=== REQUIREMENT ===
Return each record word for word and omit the pictures.
#### DATA RECORDS ####
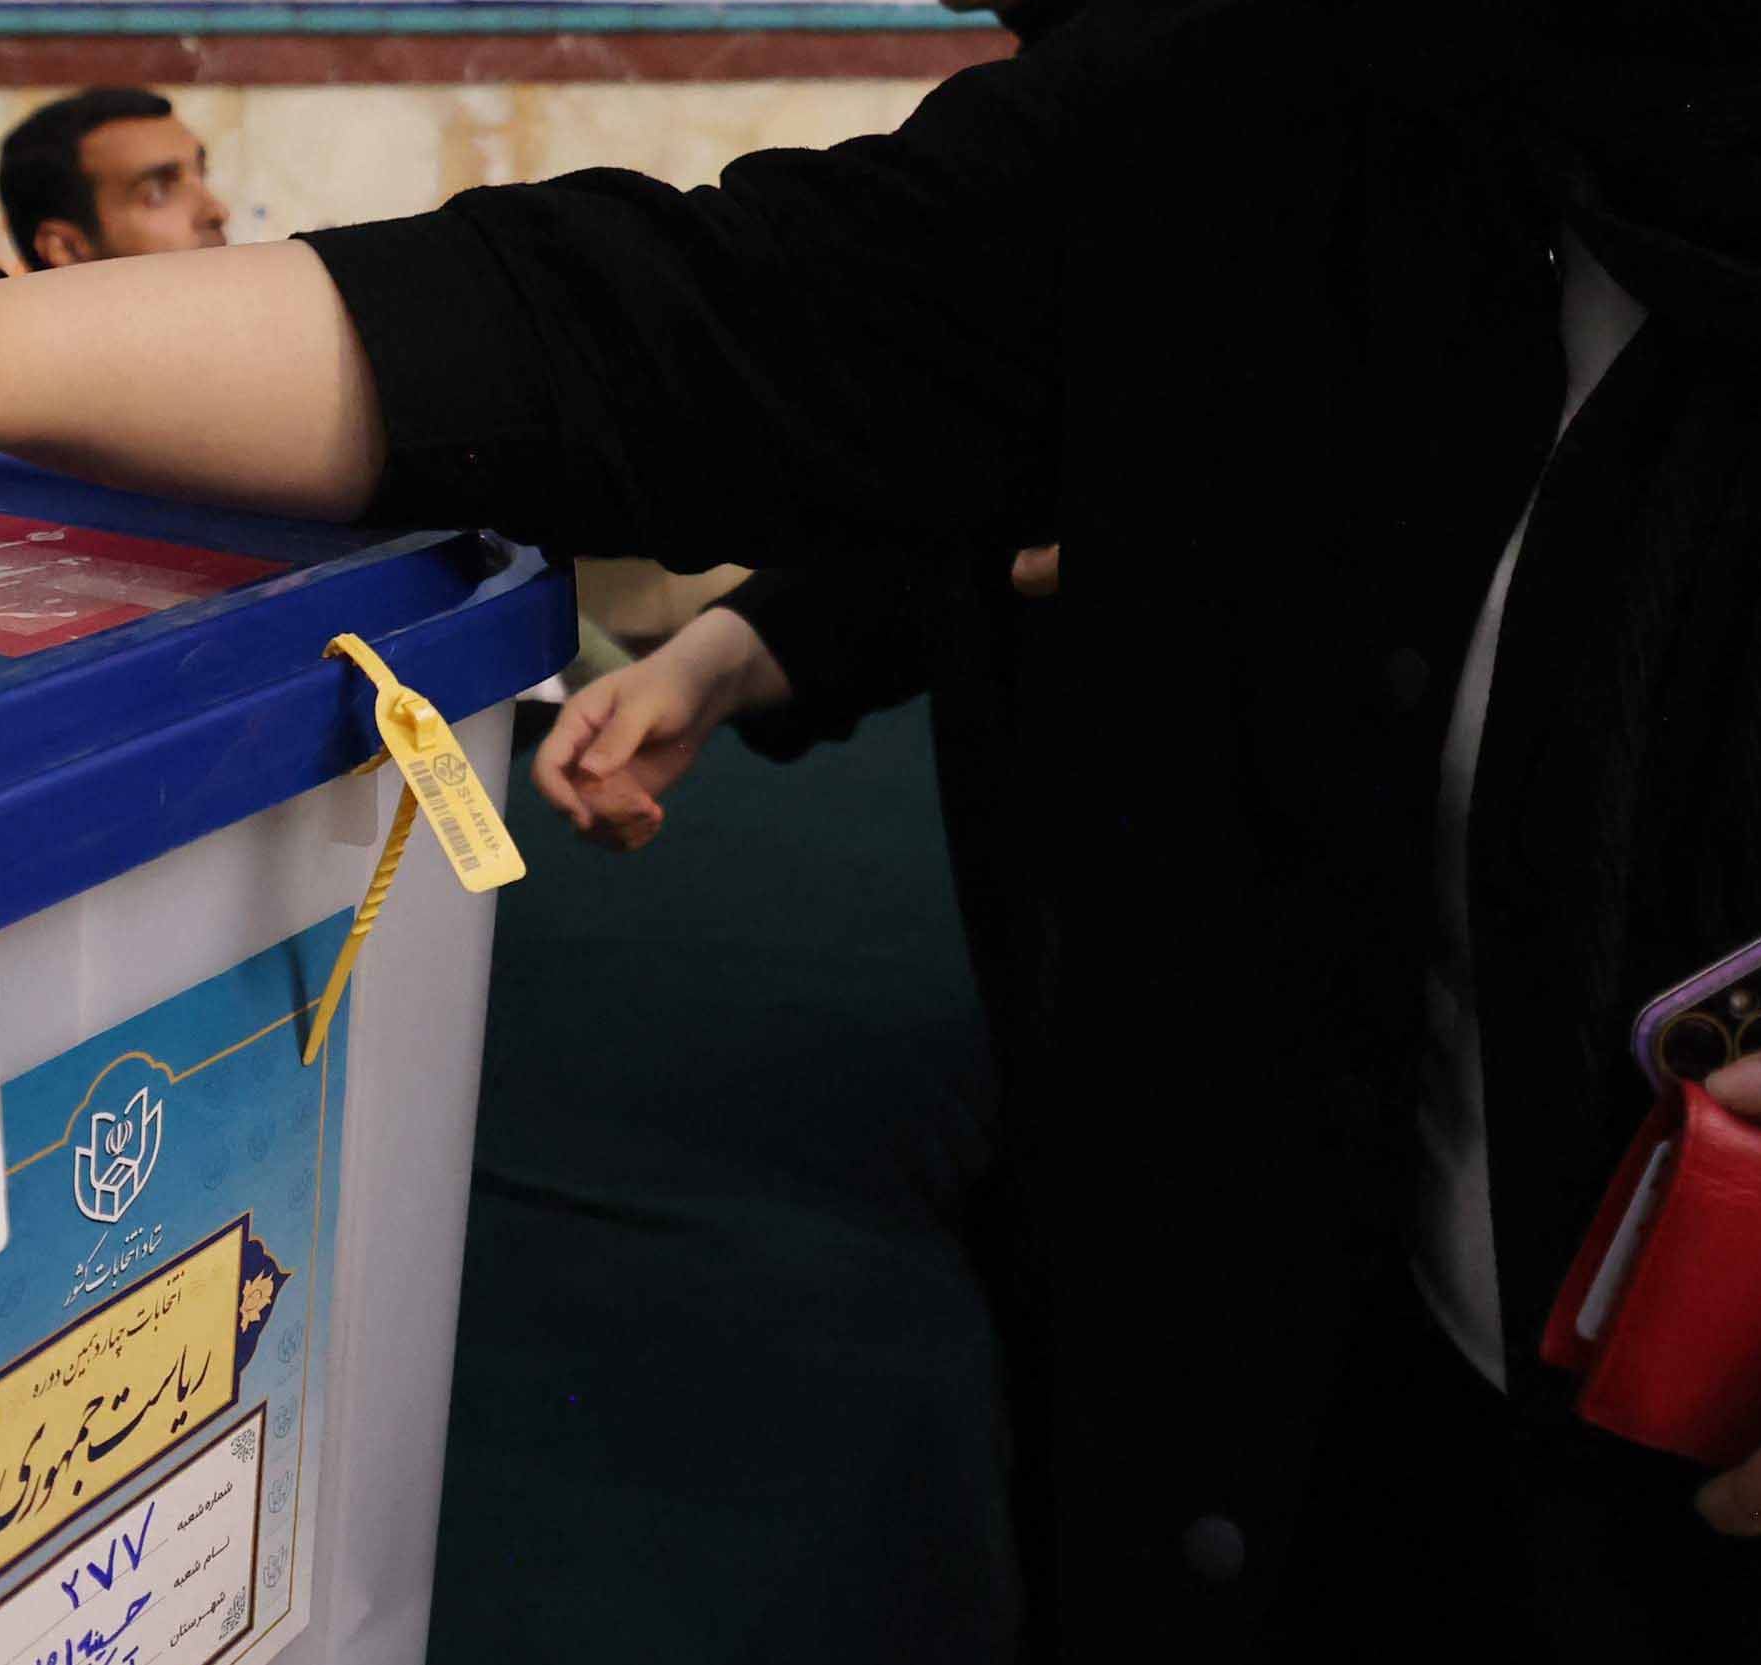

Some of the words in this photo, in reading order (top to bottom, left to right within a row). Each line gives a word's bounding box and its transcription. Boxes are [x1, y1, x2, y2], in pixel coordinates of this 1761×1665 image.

[86, 1226, 144, 1294] انتخابات
[126, 1269, 186, 1337] انتخابات
[32, 1367, 61, 1398] دوره
[62, 1327, 126, 1387] چهاردهمین
[87, 1343, 211, 1462] ریاست
[176, 1504, 205, 1532] شعبه
[204, 1481, 233, 1511] شماره
[173, 1560, 202, 1588] شعبه
[169, 1591, 226, 1648] شهرستان
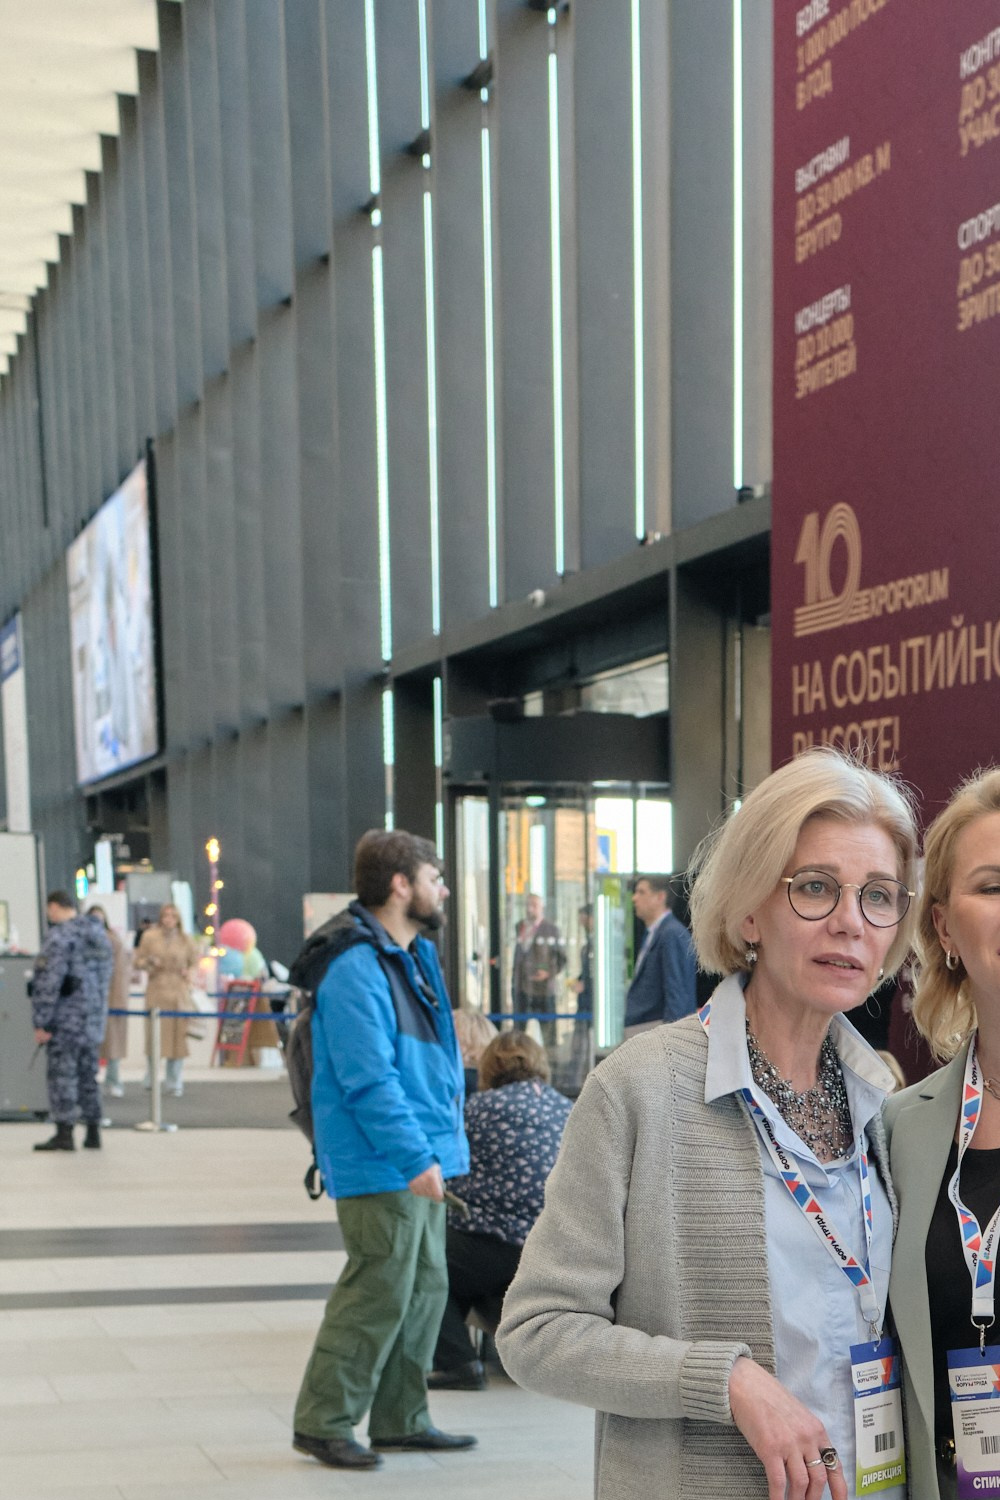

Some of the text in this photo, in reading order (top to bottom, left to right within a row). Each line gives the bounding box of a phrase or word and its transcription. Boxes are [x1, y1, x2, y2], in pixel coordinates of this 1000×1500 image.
####
=== SOLUTION BELOW ===
Some of the words in this photo, in reading order (top to bottom, left to right within a row). Each line gives a word's bounding box and its transcription. Boxes are [x1, y1, x2, y2], in pixel coordinates of this 1761×1665 image.

[86, 1226, 144, 1294] انتخابات
[126, 1269, 186, 1337] انتخابات
[32, 1367, 61, 1398] دوره
[62, 1327, 126, 1387] چهاردهمین
[87, 1343, 211, 1462] ریاست
[176, 1504, 205, 1532] شعبه
[204, 1481, 233, 1511] شماره
[173, 1560, 202, 1588] شعبه
[169, 1591, 226, 1648] شهرستان

Some of the text in this photo, in reading order (top to bottom, left to right within a row). Each line gives the bounding box of a phrase or word and its transcription. Boxes are [x1, y1, x2, y2], in pixel coordinates of this 1000×1500 image.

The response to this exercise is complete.